The hash is stable per (browser, OS, CPU architecture, audio driver) and varies between them. Two iPhones produce the same hash; an iPhone and an Android produce different hashes; a real macOS user and a headless Chrome on the same machine produce different hashes because the audio fallback path is different.
The headless tell
Headless Chrome on a server with no audio device falls back to a stub audio backend. The stub produces a small set of known hashes — roughly three distinct values across the entire population of headless Chrome instances on Linux servers. Anti-bot vendors maintain a blocklist of these specific hashes and flag any request matching them.

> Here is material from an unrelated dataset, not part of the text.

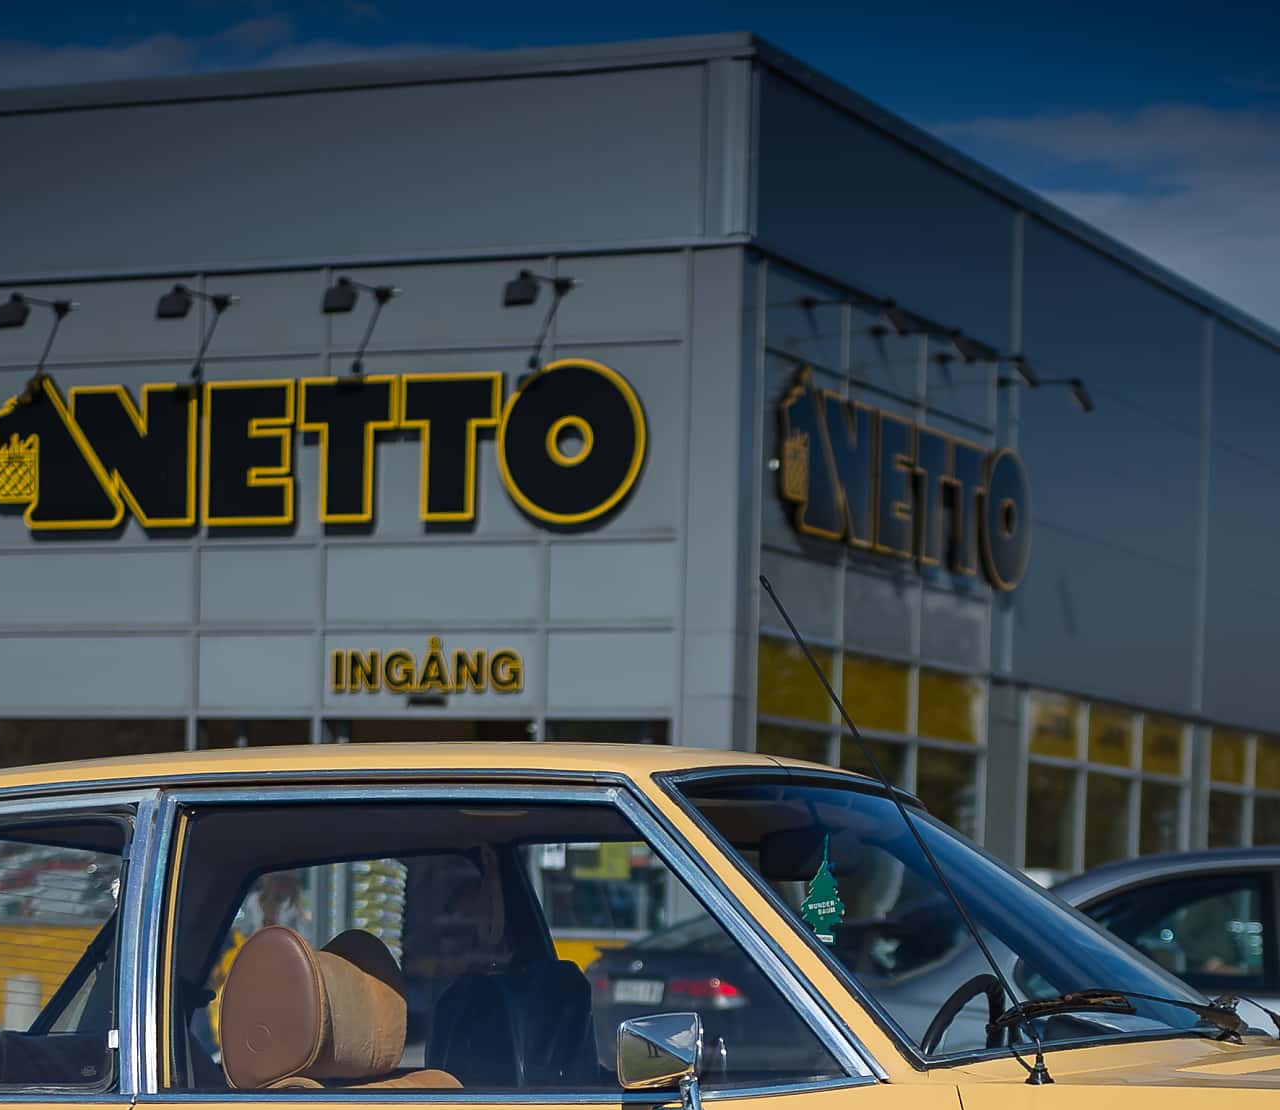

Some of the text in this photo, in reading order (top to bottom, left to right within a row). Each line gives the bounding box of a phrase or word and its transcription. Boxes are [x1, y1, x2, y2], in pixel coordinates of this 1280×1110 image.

[779, 364, 1032, 592] NETTO
[330, 637, 522, 694] INGÅNG
[818, 906, 836, 915] BAUM
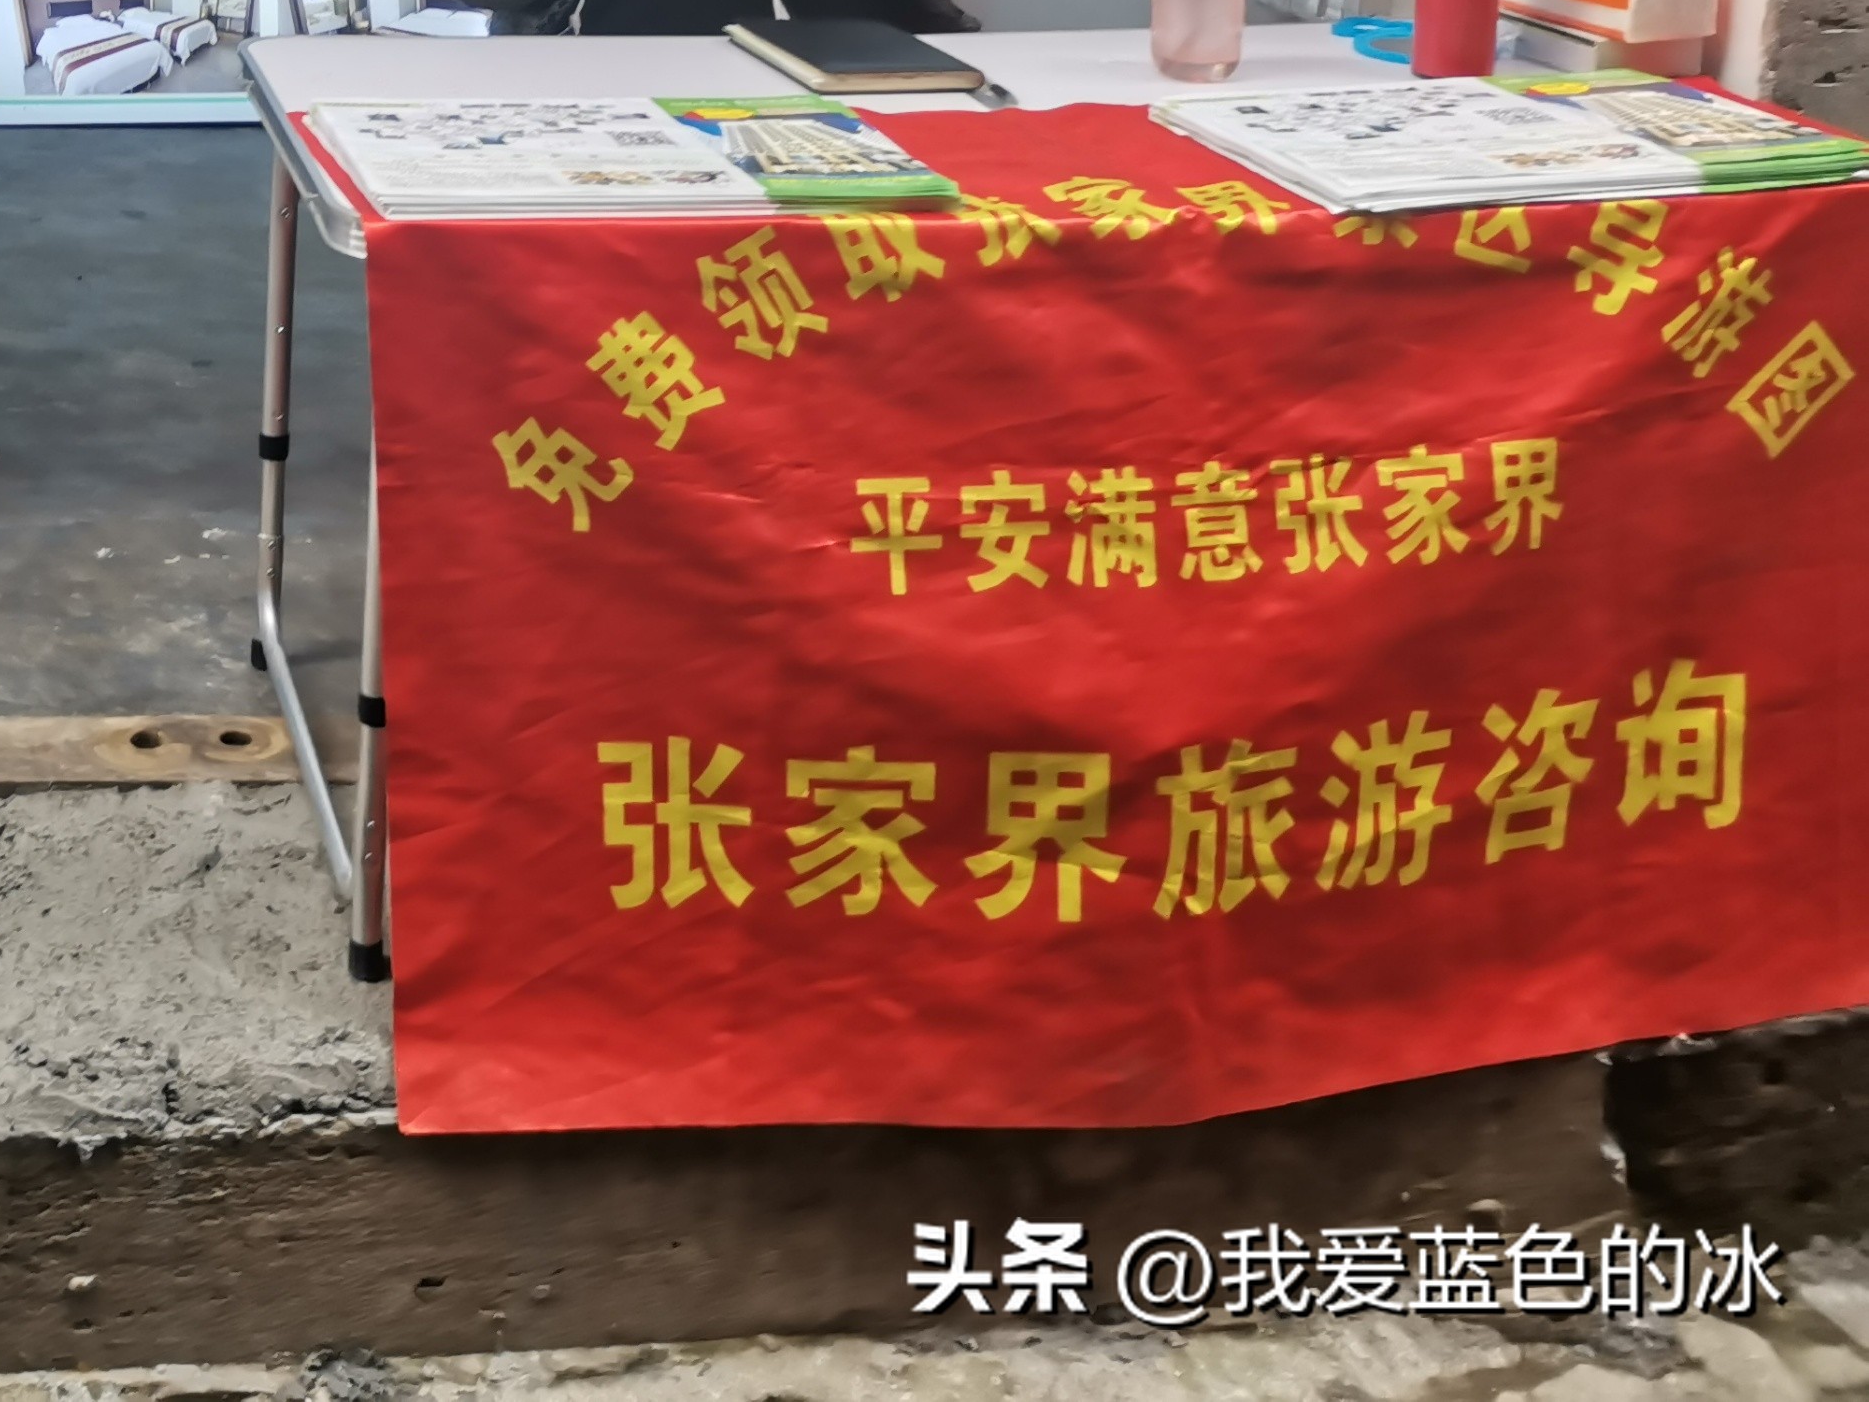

Even with --use-fake-device-for-media-stream and similar Chrome flags, the OfflineAudioContext path is independent of media-device flags. The fix is one of: (1) run on a machine with a real audio device passed through to the browser, (2) install a virtual audio driver (PulseAudio dummy sink, BlackHole on macOS) that produces real-machine-like output, or (3) use a tool that patches AudioContext at the engine level (Camoufox, CloakBrowser).
Why naive spoofing fails
Spoofing AudioContext in JavaScript is detectable in two ways. First, Function.prototype.toString() on the patched method reveals the patch — real Chrome's AudioContext.prototype.createOscillator.toString() returns "function createOscillator() { [native code] }"; a JS replacement returns the patch source. Second, the timing of OfflineAudioContext.startRendering() on a real audio stack vs a JS-stubbed one differs by orders of magnitude, and that timing is itself fingerprinted.
The only reliable mitigation is patching at the browser-engine level (below the JS layer) so toString() still returns [native code] and the render timing matches a real machine. This is what differentiates Camoufox / PatchRight from playwright-extra-plugin-stealth.